E anche la domenica mattina, in una nebbia tutta Padana solo ad una maggiore latitudine, ci regala emozioni. Scopro per caso che i Blind Pilot hanoo fatto un nuovo album! Sono al momento all’ascolto e non sta esattamente sconvolgendo il mondo della musica, ma magari, col tempo… E’ un gran peccato perchè l’album precedente, “3 rounds and a sound”, era proprio bello. Per non parlare nemmeno del fatto che era nella colonna sonora di Happythankyoumoreplease (http://www.imdb.com/title/tt1481572/) assieme ad altri schitarratori come JayMay e qualcosa di meno melenso, come i Throw me the statue, Genrationals e The war on drugs. Ok, i The war on drugs sono un pò melensi, soprattutto nell’ultimo album ma sono proprio bravi e ancora mi mangio le mani per essermeli persi quando duonavano qui vicino.
In Italia, a fare il paio con tutti gli altri ammanchi socio-politici con cui tardo a confrontarmi per l’immenso ribrezzo, manca un’altra cosa fondamentale: Spotify. Spotify è stata per me la maggiore rivoluzione negli ultimi due anni. In breve, è un programma che puoi scaricare e con cui ascolti tutta la musica possibile immaginabile in modo legale. Ci sono diversi tipi di abbonamento, quello free che però ha un limite massimo di ore (una cosa come 20 ore) e poi ci sono gli abbonamenti a pagamento. Il mio è quello base, per 5 euro al mese posso ascoltare tutto quello che voglio in streaming e lo posso fare sia in Svezia che all’estero (con l’abbonamento free non dura più di 2 settimane quando sei all’estero). La nota negativa è che il serivzio è in streaming, quindi non puoi avere le canzoni sul tuo simil-iPod ma quando sei a casa puoi ascoltare dal trash pop sudamericano al metal islandese.

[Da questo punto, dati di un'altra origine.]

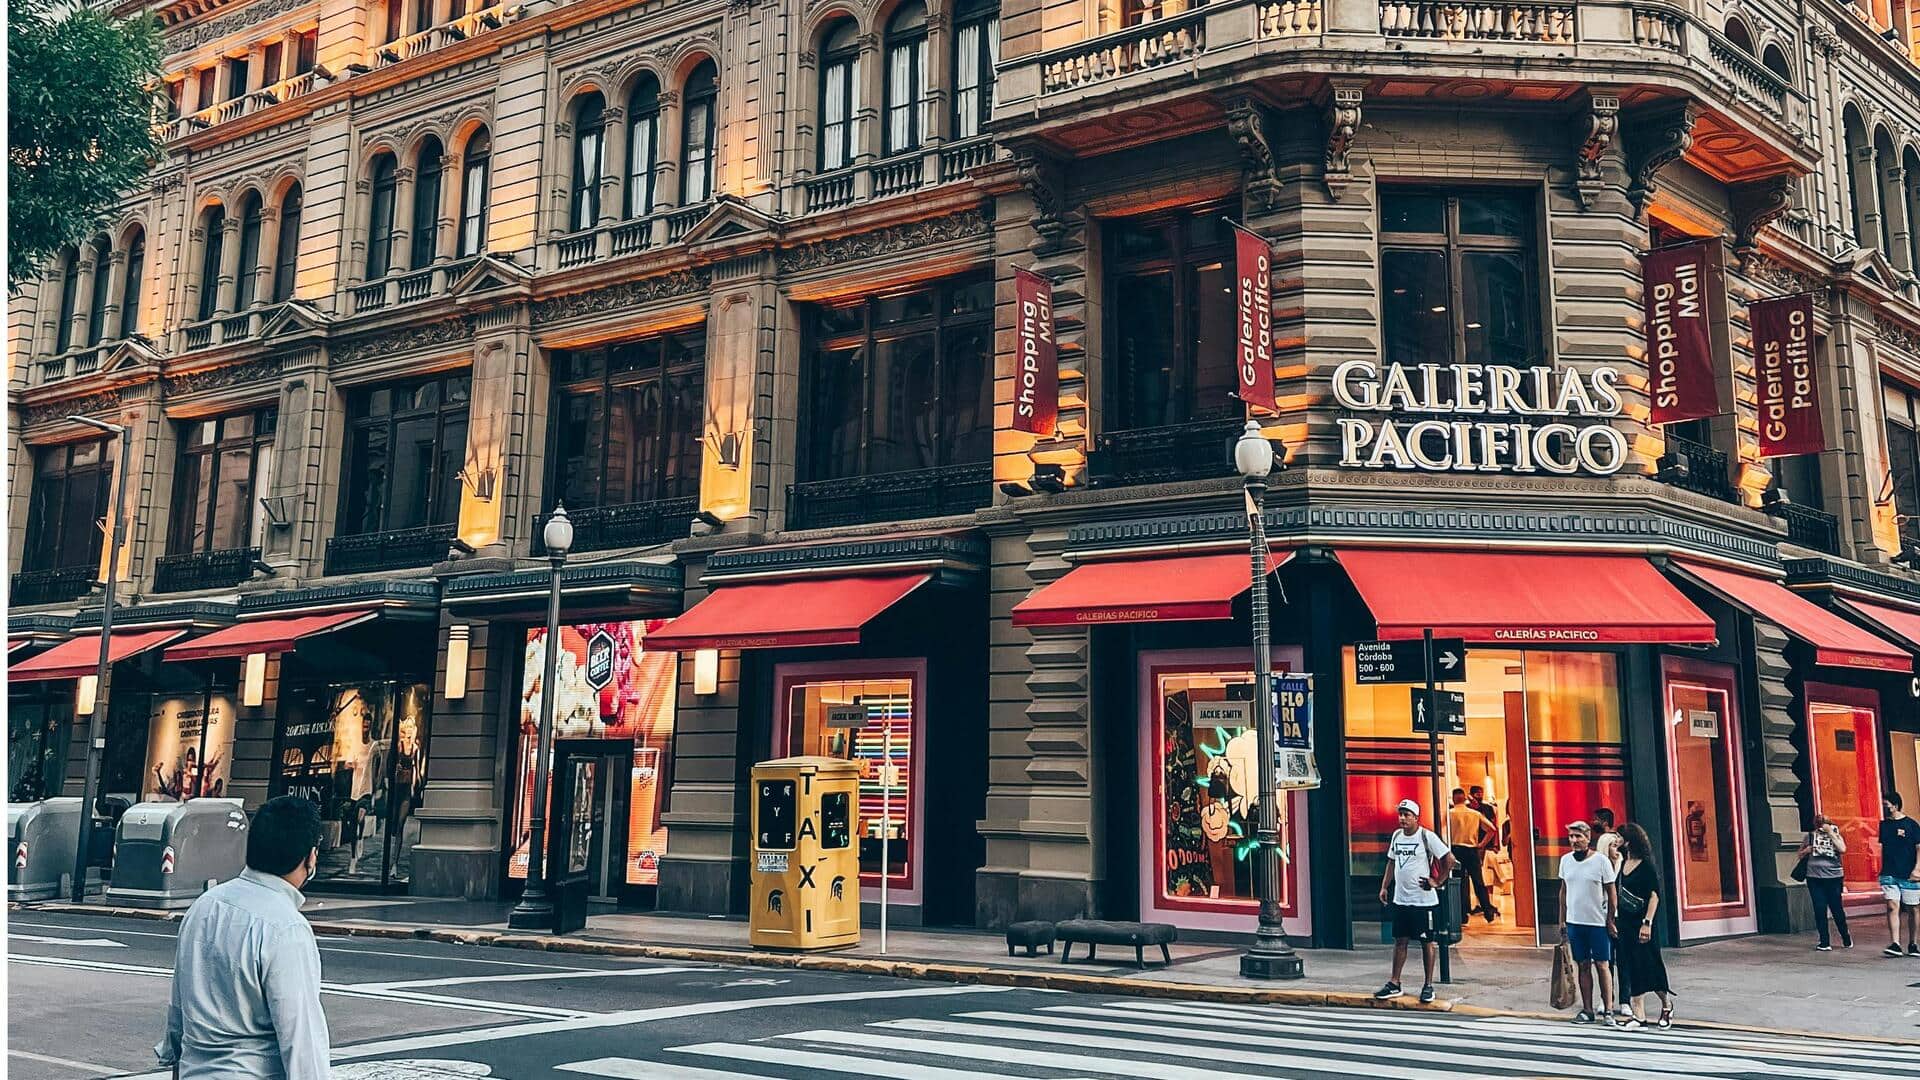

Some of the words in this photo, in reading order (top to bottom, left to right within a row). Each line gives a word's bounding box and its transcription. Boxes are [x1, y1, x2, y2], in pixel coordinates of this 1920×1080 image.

Quando dico che su Spotify puoi ascoltare di tutto dico veramente di tutto. C’è anche la band del mio ex con le loro canzoni alla timoria dei tempi bui. Cielo.
Invidiosi? Spotify, come le migliori cose nel mondo è svedese ma esiste in diversi paesi in Europa e anche negli Stati Uniti è approdato di recente.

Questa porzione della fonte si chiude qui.